**About this task:** The listing must be copied out in full and exactly; no images go with it.

**Material provided:**
%%

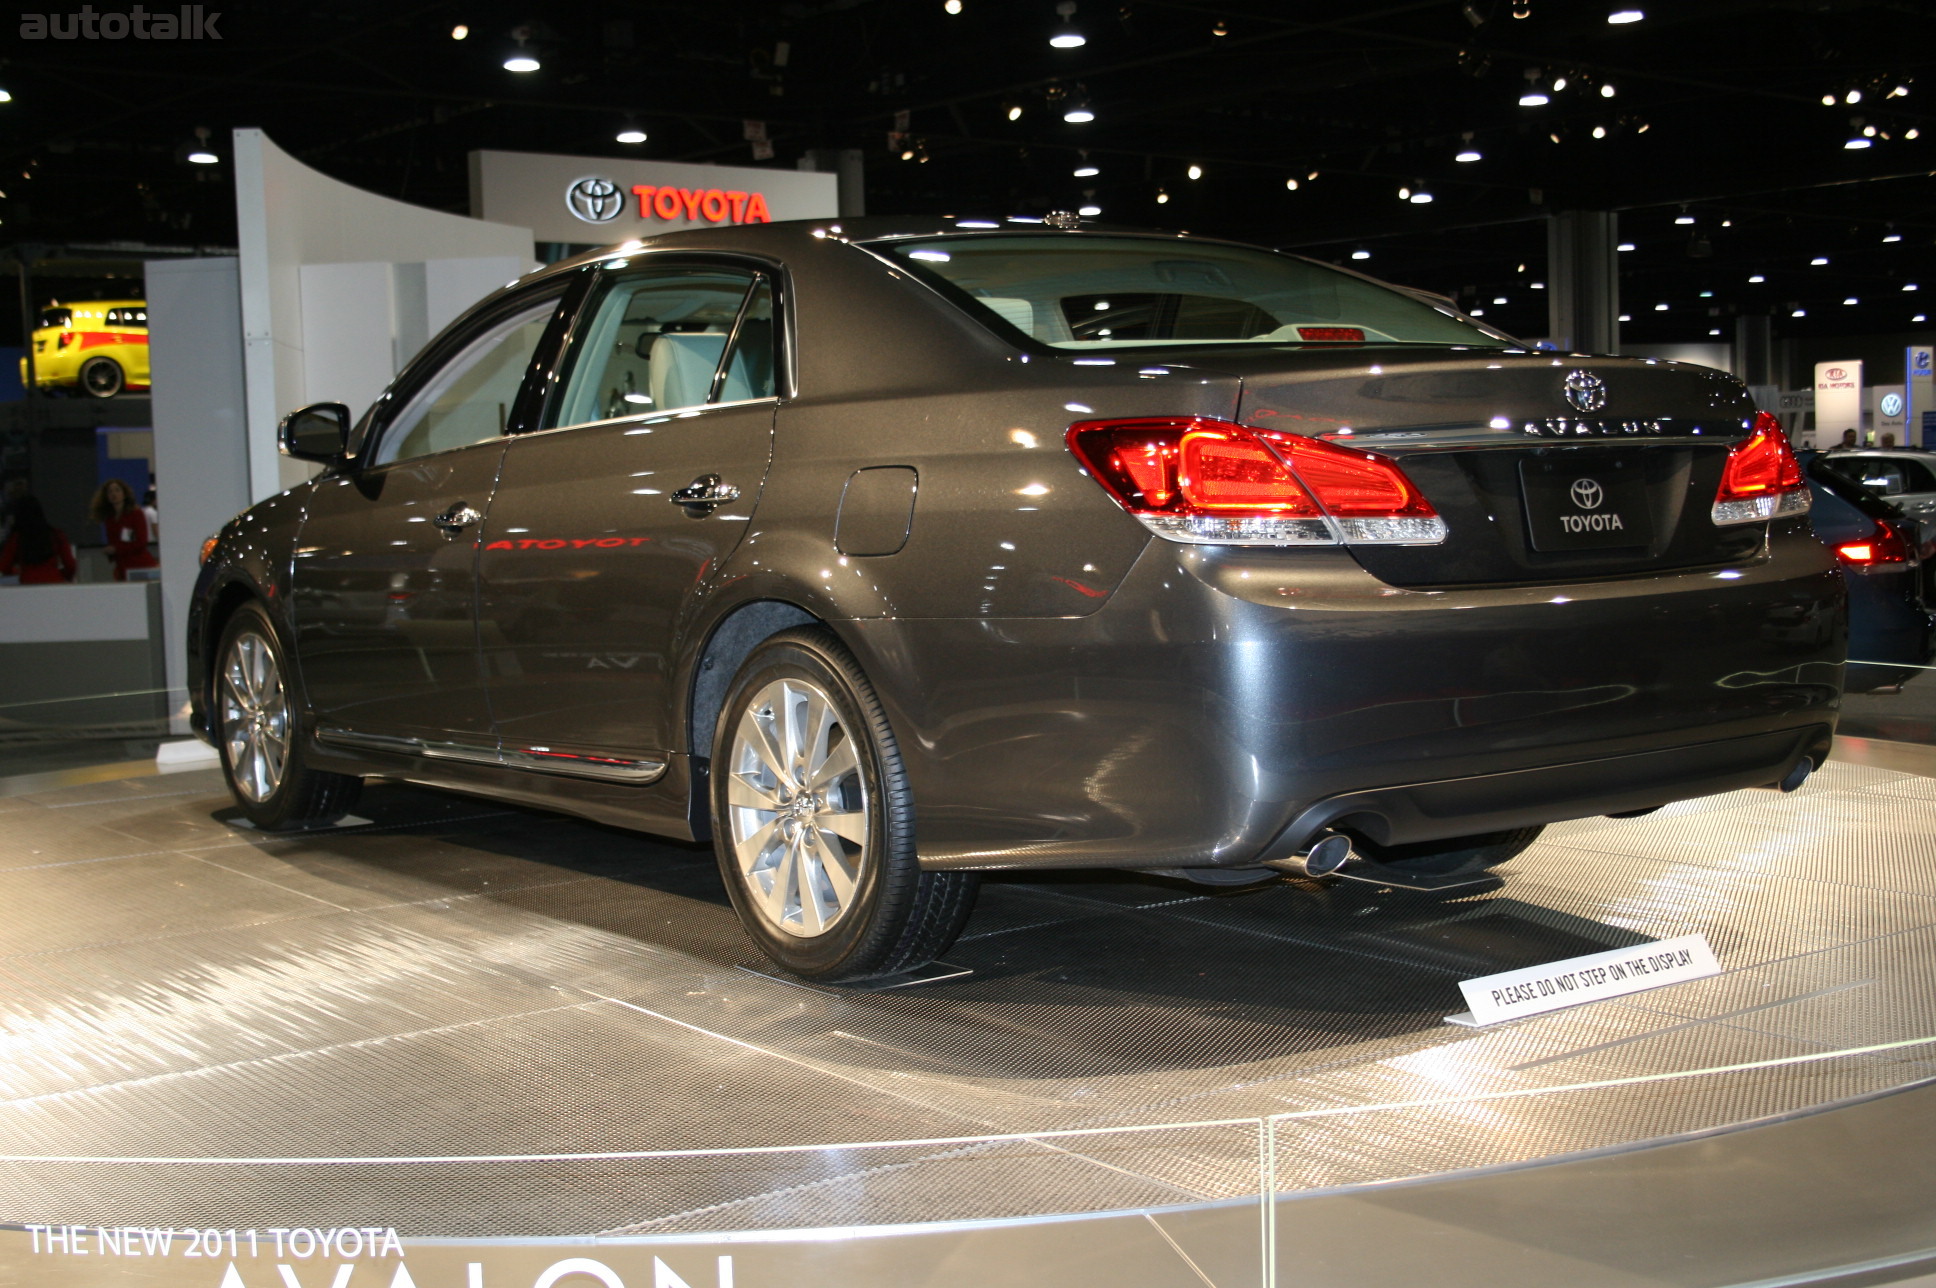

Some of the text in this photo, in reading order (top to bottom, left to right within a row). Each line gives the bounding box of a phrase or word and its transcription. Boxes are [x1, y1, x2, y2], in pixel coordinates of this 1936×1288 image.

[632, 185, 771, 223] TOYOTA
[1560, 514, 1623, 533] TOYOTA
[1491, 948, 1694, 1007] PLEASE DO NOT STEP ON THE DISPLAY
[25, 1224, 405, 1258] THE NEW 2011 TOYOTA

%%

**Task output:**
Some of the text in this photo, in reading order (top to bottom, left to right within a row). Each line gives the bounding box of a phrase or word and its transcription. Boxes are [x1, y1, x2, y2], in pixel coordinates of this 1936×1288 image.

[632, 185, 771, 223] TOYOTA
[1560, 514, 1623, 533] TOYOTA
[1491, 948, 1694, 1007] PLEASE DO NOT STEP ON THE DISPLAY
[25, 1224, 405, 1258] THE NEW 2011 TOYOTA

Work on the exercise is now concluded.